→ **Work instructions**:
When you copy the entries, keep every word exactly as it is and drop the images.

[Dataset items]
────────────────────────────────────────
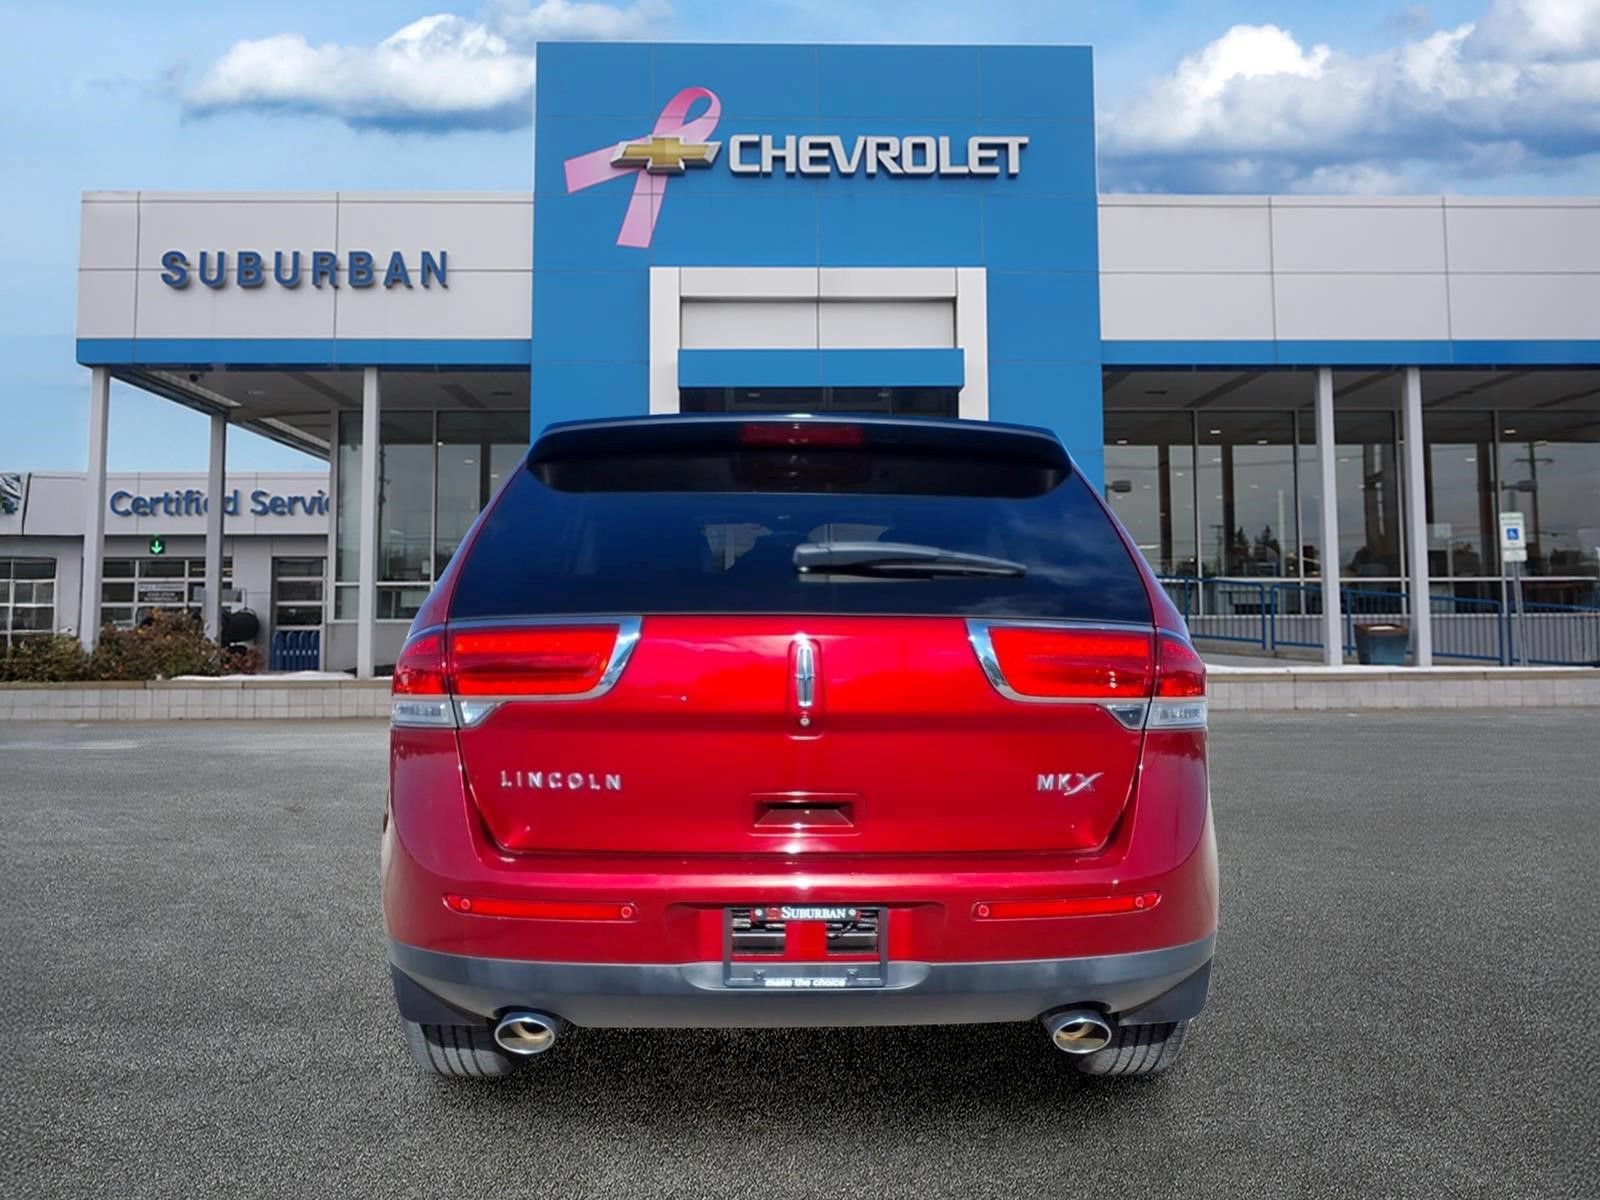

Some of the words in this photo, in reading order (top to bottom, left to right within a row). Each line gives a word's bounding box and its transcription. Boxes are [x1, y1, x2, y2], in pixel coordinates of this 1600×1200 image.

[729, 134, 1029, 175] CHEVROLET
[161, 250, 449, 290] SUBURBAN
[501, 770, 621, 790] LINCOLN
[1037, 772, 1104, 796] MKX
────────────────────────────────────────
→ **Answer**:
Some of the words in this photo, in reading order (top to bottom, left to right within a row). Each line gives a word's bounding box and its transcription. Boxes are [x1, y1, x2, y2], in pixel coordinates of this 1600×1200 image.

[729, 134, 1029, 175] CHEVROLET
[161, 250, 449, 290] SUBURBAN
[501, 770, 621, 790] LINCOLN
[1037, 772, 1104, 796] MKX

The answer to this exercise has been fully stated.